As public servants, social workers provide available services
and benefits of different kinds. They are at the same time
paid to be part of the resources offered to the public. This
means they are a resource in themselves through their knowledge
and skills; they handle public funds and draw their salaries
from somewhat the same sources. In consequence, the administration
they are placed under keeps control over their bureaucratic
as well as their professional work. Social workers are left
with dual loyalties - to their employer, to their clients,
and to their profession. Their assignments hold direct services
to individuals along the intention level of social policy,
regardless of available resources.

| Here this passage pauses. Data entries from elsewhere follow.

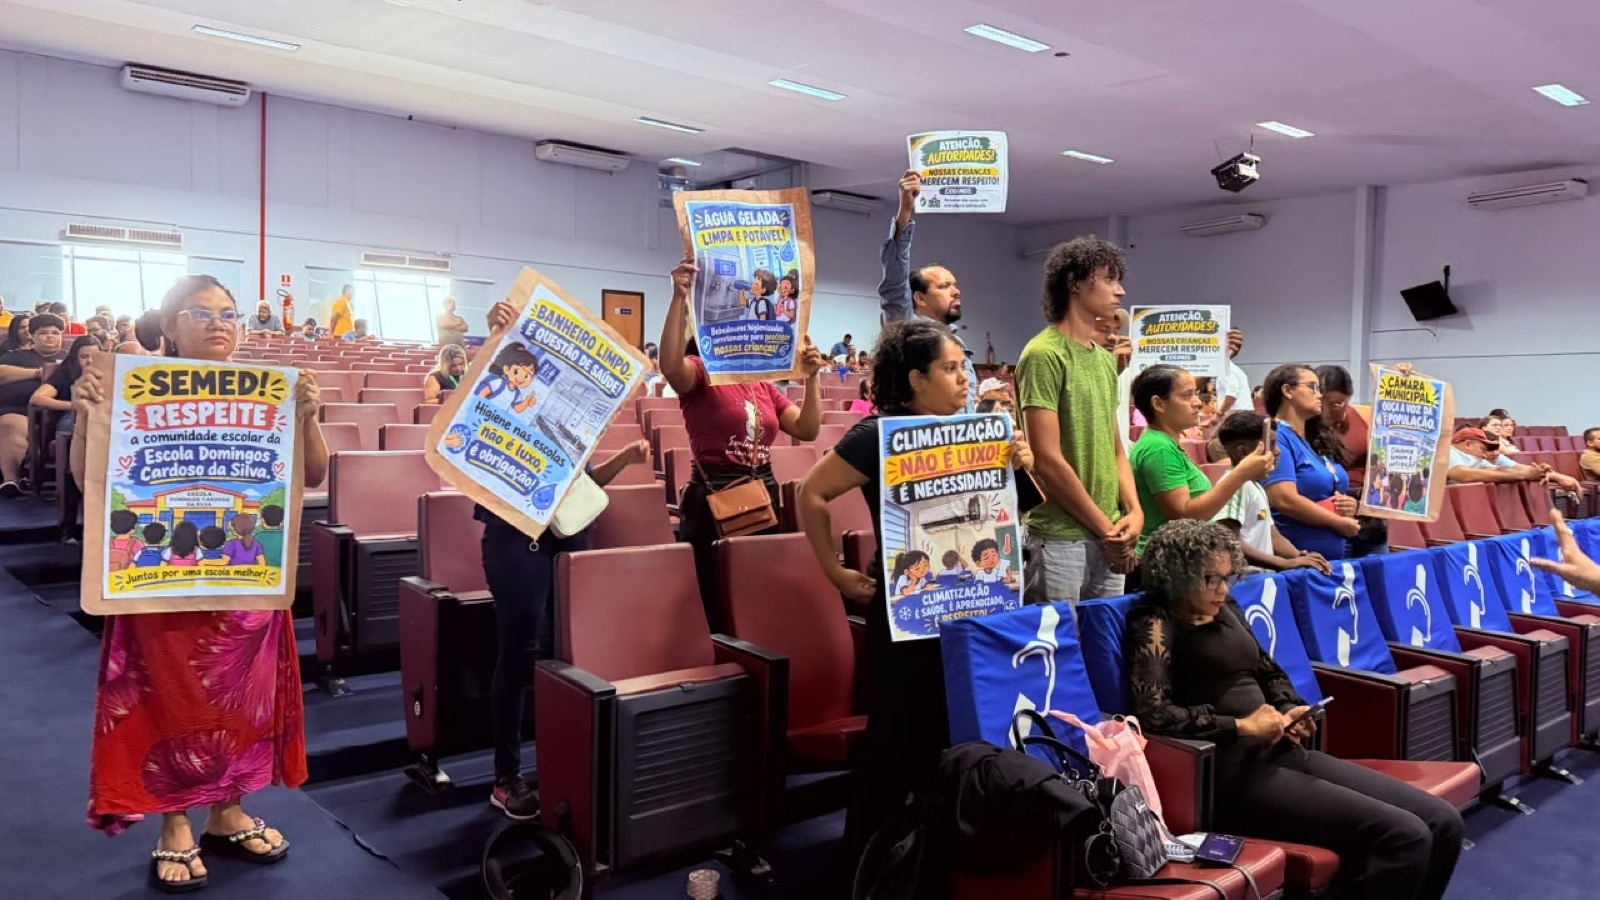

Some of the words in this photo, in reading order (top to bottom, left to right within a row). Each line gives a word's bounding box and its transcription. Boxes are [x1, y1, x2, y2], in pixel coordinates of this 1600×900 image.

[940, 138, 983, 151] ATENÇÃO,
[927, 149, 995, 164] AUTORIDADES!
[920, 177, 960, 186] MERECEM
[961, 177, 1000, 186] RESPEITO!
[929, 168, 956, 176] NOSSAS
[957, 168, 991, 177] CRIANÇAS
[704, 209, 736, 227] ÁGUA
[738, 210, 784, 227] GELADA,
[701, 230, 734, 245] LIMPA
[736, 231, 741, 240] E
[744, 226, 786, 244] POTÁVEL!
[1159, 311, 1204, 323] ATENÇÃO,
[1146, 320, 1217, 335] AUTORIDADES!
[536, 304, 597, 350] BANHEIRO
[596, 341, 631, 375] LIMPO
[1147, 337, 1176, 345] NOSSAS
[525, 322, 534, 336] É
[535, 328, 578, 362] QUESTÃO
[580, 355, 590, 369] DE
[590, 362, 623, 396] SAÚDE!
[714, 344, 742, 356] nossas
[1139, 346, 1179, 354] MERECEM
[149, 370, 270, 397] SEMED!
[1388, 375, 1425, 391] CÂMARA
[145, 401, 268, 428] RESPEITE
[1382, 401, 1400, 413] OUÇA
[1400, 403, 1405, 412] A
[1405, 404, 1422, 414] VOZ
[1423, 406, 1433, 416] DA
[130, 436, 139, 445] a
[143, 431, 217, 445] comunidade
[221, 431, 262, 443] escolar
[267, 432, 280, 445] da
[474, 400, 511, 431] Higiene
[512, 424, 532, 442] nas
[533, 438, 566, 467] escolas
[893, 418, 1005, 452] CLIMATIZAÇÃO
[144, 446, 194, 464] Escola
[199, 446, 271, 466] Domingos
[480, 425, 504, 445] não
[505, 437, 514, 450] é
[515, 442, 543, 474] luxo,
[468, 441, 477, 457] é
[479, 449, 536, 489] obrigação!
[899, 451, 939, 477] NÃO
[944, 445, 952, 469] É
[956, 443, 1001, 467] LUXO!
[140, 463, 204, 481] Cardoso
[208, 463, 226, 479] da
[230, 462, 271, 480] Silva.
[900, 482, 910, 502] É
[914, 469, 1004, 500] NECESSIDADE!
[125, 571, 159, 584] Juntos
[162, 569, 179, 580] por
[204, 568, 230, 576] escola
[233, 567, 268, 578] melhor!
[922, 584, 990, 606] CLIMATIZAÇÃO
[914, 607, 920, 619] É
[948, 601, 955, 612] É
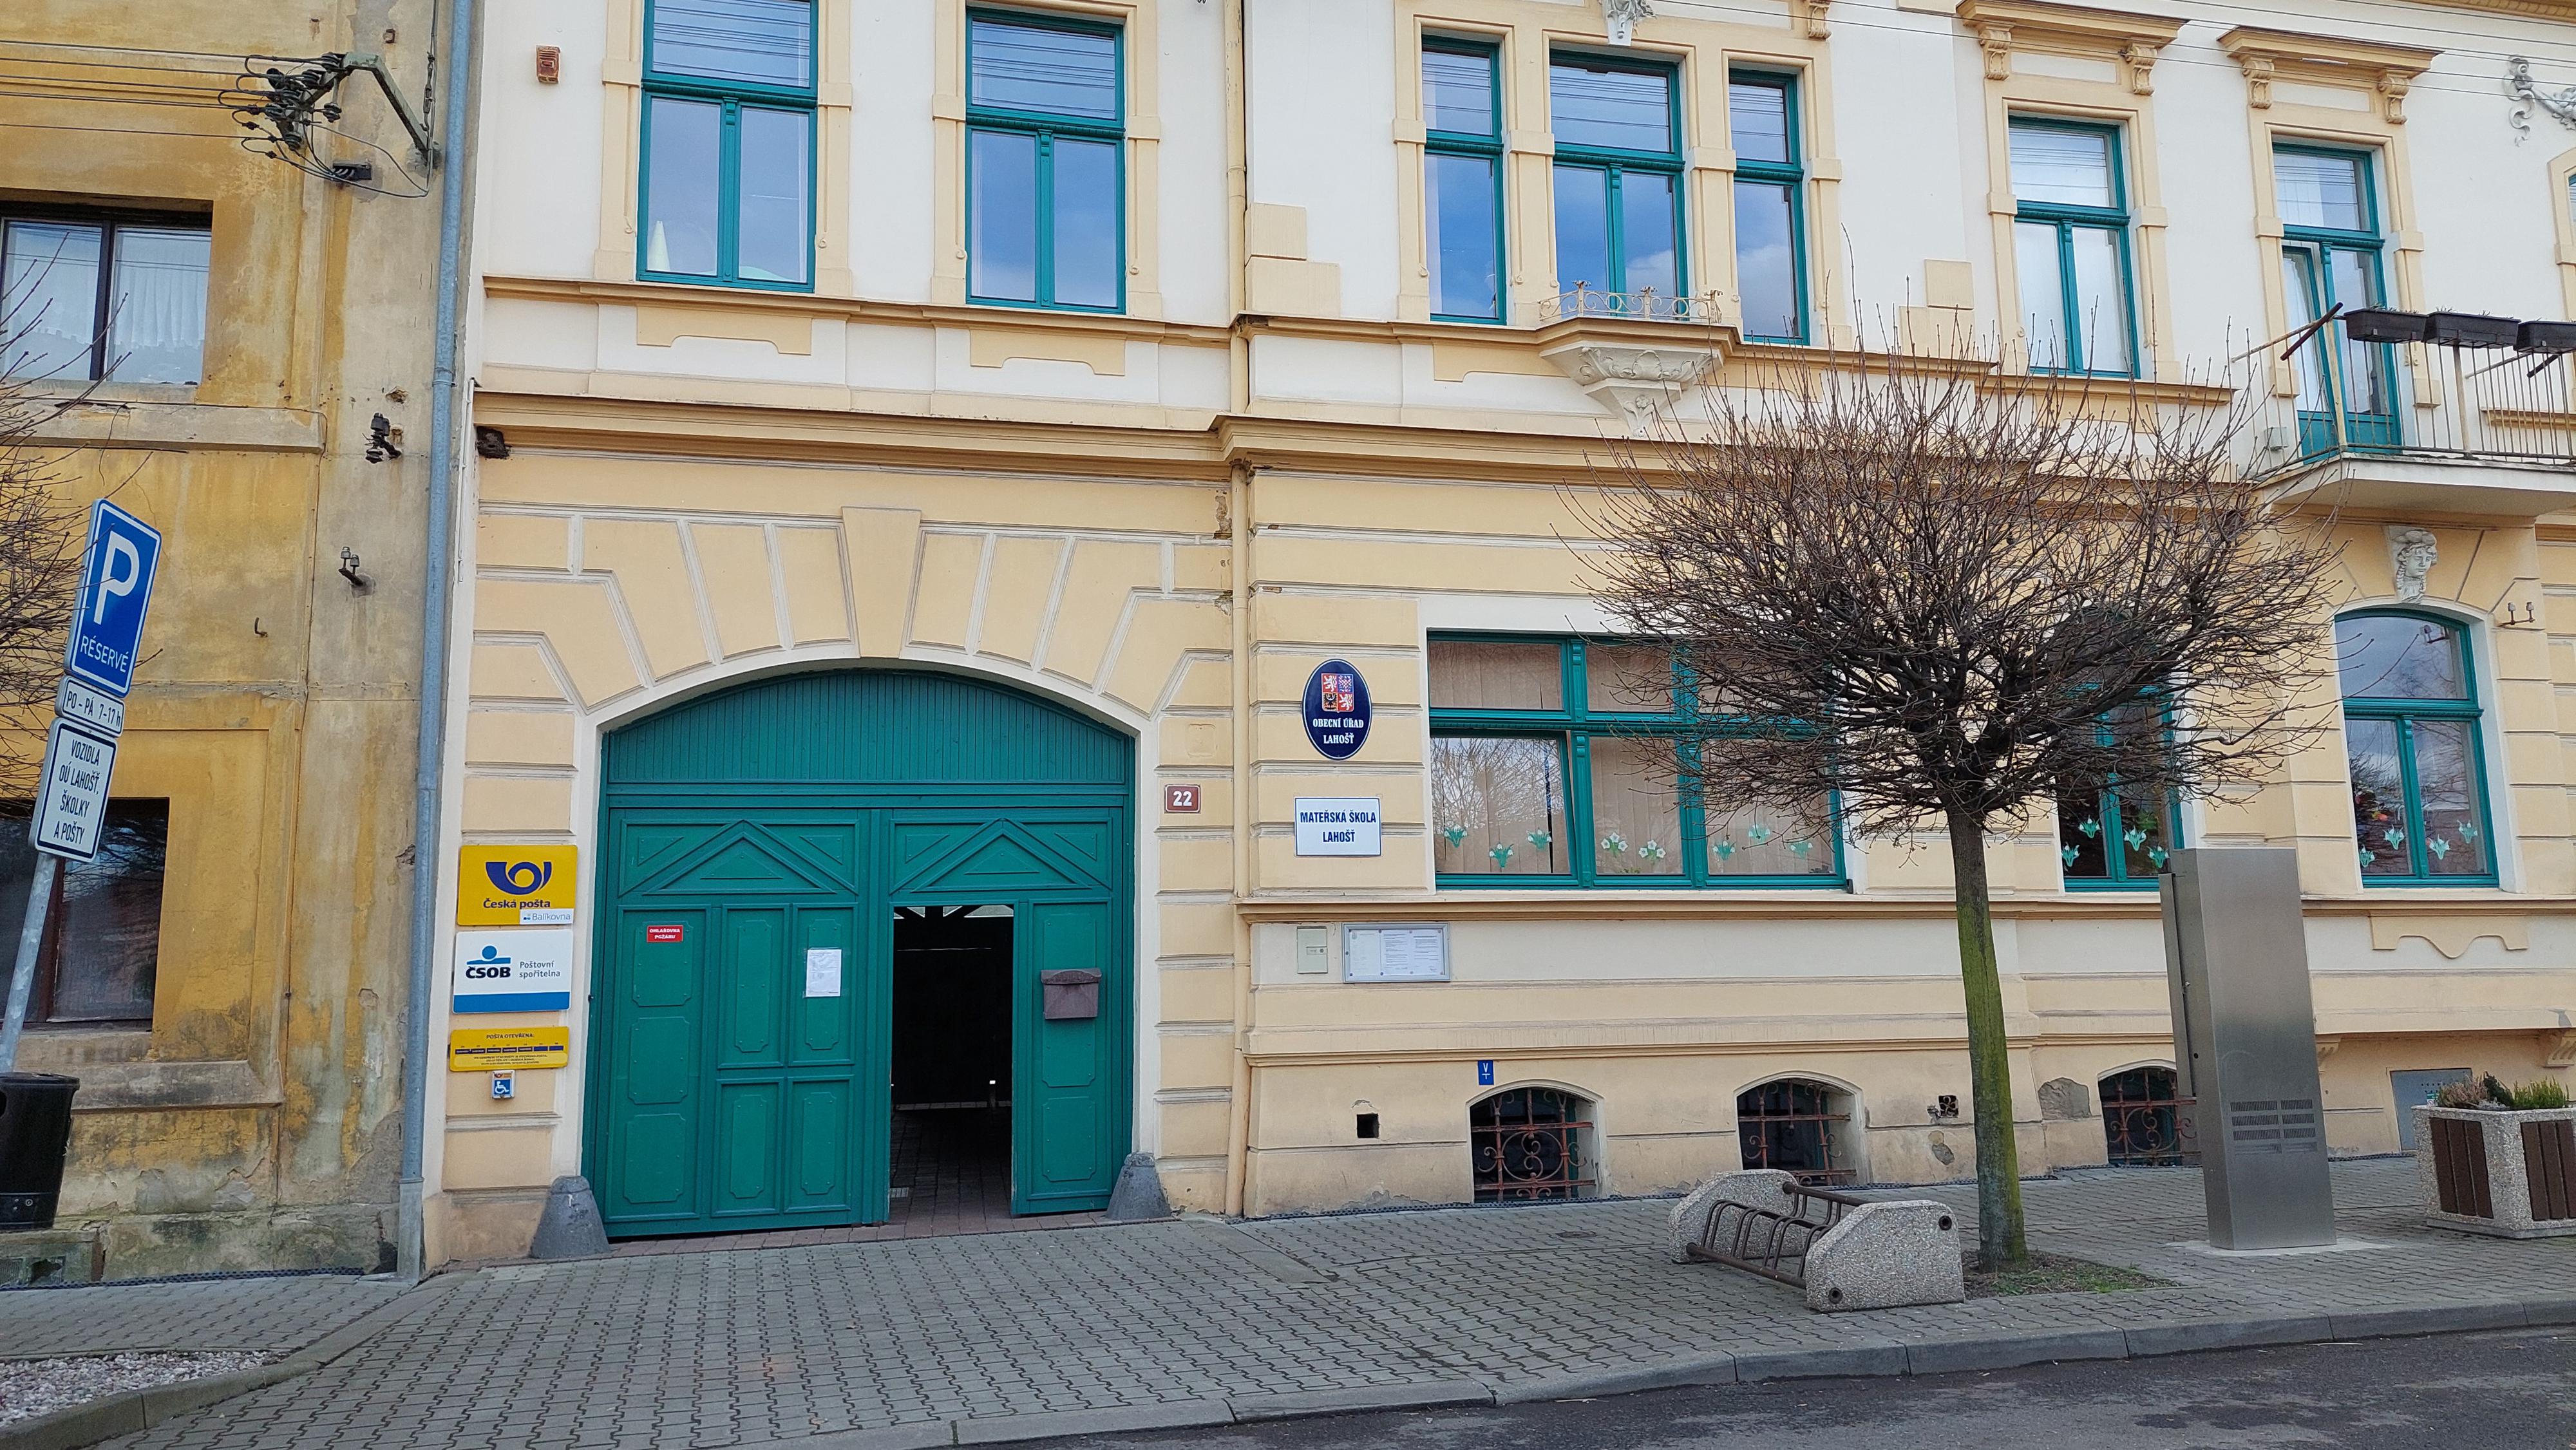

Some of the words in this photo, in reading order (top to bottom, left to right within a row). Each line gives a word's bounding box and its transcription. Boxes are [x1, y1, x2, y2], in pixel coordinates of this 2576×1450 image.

[93, 530, 140, 625] P
[80, 635, 129, 673] RÉSERVÉ
[66, 690, 77, 710] PO
[84, 696, 95, 717] PÁ
[99, 703, 116, 724] 7-17
[116, 710, 121, 728] h
[1312, 717, 1341, 728] OBECNÍ
[1343, 717, 1364, 728] ÚŘAD
[1323, 733, 1354, 744] LAHOŠŤ
[71, 739, 100, 766] VOZIDLA
[59, 761, 71, 784] OÚ
[70, 768, 100, 795] LAHOŠŤ,
[60, 789, 90, 818] ŠKOLKY
[1173, 791, 1192, 806] 22
[1300, 809, 1347, 823] MATEŘSKÁ
[1349, 809, 1376, 823] ŠKOLA
[53, 820, 62, 839] A
[61, 820, 85, 845] POŠTY
[1322, 829, 1355, 843] LAHOŠŤ
[483, 898, 516, 909] Česká
[519, 899, 551, 910] pošta
[520, 961, 554, 969] Poštovní
[466, 966, 511, 979] ČSOB
[519, 970, 561, 979] spořitelna

We can then pose the question
of what goal attainment on different levels (client, professional,
practitioner, agency) is to be measured up against.
Simultaneously,
as social workers procure services and apply their professional
knowledge, they are expected to get involved in solving problems
on a societal level. “Social workers should take part
in or create a process that can change the situation of those
in misfortune” (NOU, 1972). This might end up in split
loyalties since the impediments can be upheld by insufficient
public services. The Norwegian system does not present a national
level for public assistance. On the contrary, the Welfare
Act states the importance of professional assessment in each
case.
The social welfare
agencies serve as a safety net for the population in crises.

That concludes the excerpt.